| RAW DATA |
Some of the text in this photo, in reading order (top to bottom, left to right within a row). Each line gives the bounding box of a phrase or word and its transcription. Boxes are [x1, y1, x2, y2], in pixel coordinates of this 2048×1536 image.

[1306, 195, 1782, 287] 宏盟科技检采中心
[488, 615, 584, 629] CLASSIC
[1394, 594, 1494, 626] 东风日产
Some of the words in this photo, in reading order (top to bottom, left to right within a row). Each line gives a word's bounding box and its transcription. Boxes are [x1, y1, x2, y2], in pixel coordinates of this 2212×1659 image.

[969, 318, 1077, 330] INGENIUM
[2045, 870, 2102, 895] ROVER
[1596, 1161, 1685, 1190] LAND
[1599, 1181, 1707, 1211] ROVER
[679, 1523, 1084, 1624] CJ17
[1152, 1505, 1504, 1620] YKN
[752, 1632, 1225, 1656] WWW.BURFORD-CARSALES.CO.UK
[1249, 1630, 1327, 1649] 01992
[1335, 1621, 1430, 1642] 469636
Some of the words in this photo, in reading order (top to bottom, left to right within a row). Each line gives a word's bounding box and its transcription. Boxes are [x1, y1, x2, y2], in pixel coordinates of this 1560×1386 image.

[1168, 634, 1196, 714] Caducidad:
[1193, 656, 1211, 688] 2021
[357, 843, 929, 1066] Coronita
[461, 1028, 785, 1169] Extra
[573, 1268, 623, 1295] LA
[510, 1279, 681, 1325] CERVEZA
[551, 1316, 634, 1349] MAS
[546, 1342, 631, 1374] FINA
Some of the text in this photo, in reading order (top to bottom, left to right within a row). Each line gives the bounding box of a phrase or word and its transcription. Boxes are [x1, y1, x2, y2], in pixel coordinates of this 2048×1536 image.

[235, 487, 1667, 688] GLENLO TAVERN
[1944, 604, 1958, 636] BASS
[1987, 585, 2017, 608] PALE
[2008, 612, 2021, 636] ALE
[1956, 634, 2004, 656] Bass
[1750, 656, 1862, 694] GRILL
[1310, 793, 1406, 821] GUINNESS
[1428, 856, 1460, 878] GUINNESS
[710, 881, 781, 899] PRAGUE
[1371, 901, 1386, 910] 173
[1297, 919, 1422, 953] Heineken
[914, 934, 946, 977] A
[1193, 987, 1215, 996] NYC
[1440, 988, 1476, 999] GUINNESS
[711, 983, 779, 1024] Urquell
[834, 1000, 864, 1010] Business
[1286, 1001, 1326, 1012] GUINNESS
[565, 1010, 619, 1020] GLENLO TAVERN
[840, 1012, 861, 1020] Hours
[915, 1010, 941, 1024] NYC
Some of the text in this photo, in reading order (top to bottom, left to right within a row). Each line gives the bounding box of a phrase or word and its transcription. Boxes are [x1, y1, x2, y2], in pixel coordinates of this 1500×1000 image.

| GOAL OF THE EXERCISE |
Each record above should be output again exactly.

| OUTPUT OF THE EXERCISE |
Some of the text in this photo, in reading order (top to bottom, left to right within a row). Each line gives the bounding box of a phrase or word and its transcription. Boxes are [x1, y1, x2, y2], in pixel coordinates of this 2048×1536 image.

[1306, 195, 1782, 287] 宏盟科技检采中心
[488, 615, 584, 629] CLASSIC
[1394, 594, 1494, 626] 东风日产
Some of the words in this photo, in reading order (top to bottom, left to right within a row). Each line gives a word's bounding box and its transcription. Boxes are [x1, y1, x2, y2], in pixel coordinates of this 2212×1659 image.

[969, 318, 1077, 330] INGENIUM
[2045, 870, 2102, 895] ROVER
[1596, 1161, 1685, 1190] LAND
[1599, 1181, 1707, 1211] ROVER
[679, 1523, 1084, 1624] CJ17
[1152, 1505, 1504, 1620] YKN
[752, 1632, 1225, 1656] WWW.BURFORD-CARSALES.CO.UK
[1249, 1630, 1327, 1649] 01992
[1335, 1621, 1430, 1642] 469636
Some of the words in this photo, in reading order (top to bottom, left to right within a row). Each line gives a word's bounding box and its transcription. Boxes are [x1, y1, x2, y2], in pixel coordinates of this 1560×1386 image.

[1168, 634, 1196, 714] Caducidad:
[1193, 656, 1211, 688] 2021
[357, 843, 929, 1066] Coronita
[461, 1028, 785, 1169] Extra
[573, 1268, 623, 1295] LA
[510, 1279, 681, 1325] CERVEZA
[551, 1316, 634, 1349] MAS
[546, 1342, 631, 1374] FINA
Some of the text in this photo, in reading order (top to bottom, left to right within a row). Each line gives the bounding box of a phrase or word and its transcription. Boxes are [x1, y1, x2, y2], in pixel coordinates of this 2048×1536 image.

[235, 487, 1667, 688] GLENLO TAVERN
[1944, 604, 1958, 636] BASS
[1987, 585, 2017, 608] PALE
[2008, 612, 2021, 636] ALE
[1956, 634, 2004, 656] Bass
[1750, 656, 1862, 694] GRILL
[1310, 793, 1406, 821] GUINNESS
[1428, 856, 1460, 878] GUINNESS
[710, 881, 781, 899] PRAGUE
[1371, 901, 1386, 910] 173
[1297, 919, 1422, 953] Heineken
[914, 934, 946, 977] A
[1193, 987, 1215, 996] NYC
[1440, 988, 1476, 999] GUINNESS
[711, 983, 779, 1024] Urquell
[834, 1000, 864, 1010] Business
[1286, 1001, 1326, 1012] GUINNESS
[565, 1010, 619, 1020] GLENLO TAVERN
[840, 1012, 861, 1020] Hours
[915, 1010, 941, 1024] NYC
Some of the text in this photo, in reading order (top to bottom, left to right within a row). Each line gives the bounding box of a phrase or word and its transcription. Boxes are [x1, y1, x2, y2], in pixel coordinates of this 1500×1000 image.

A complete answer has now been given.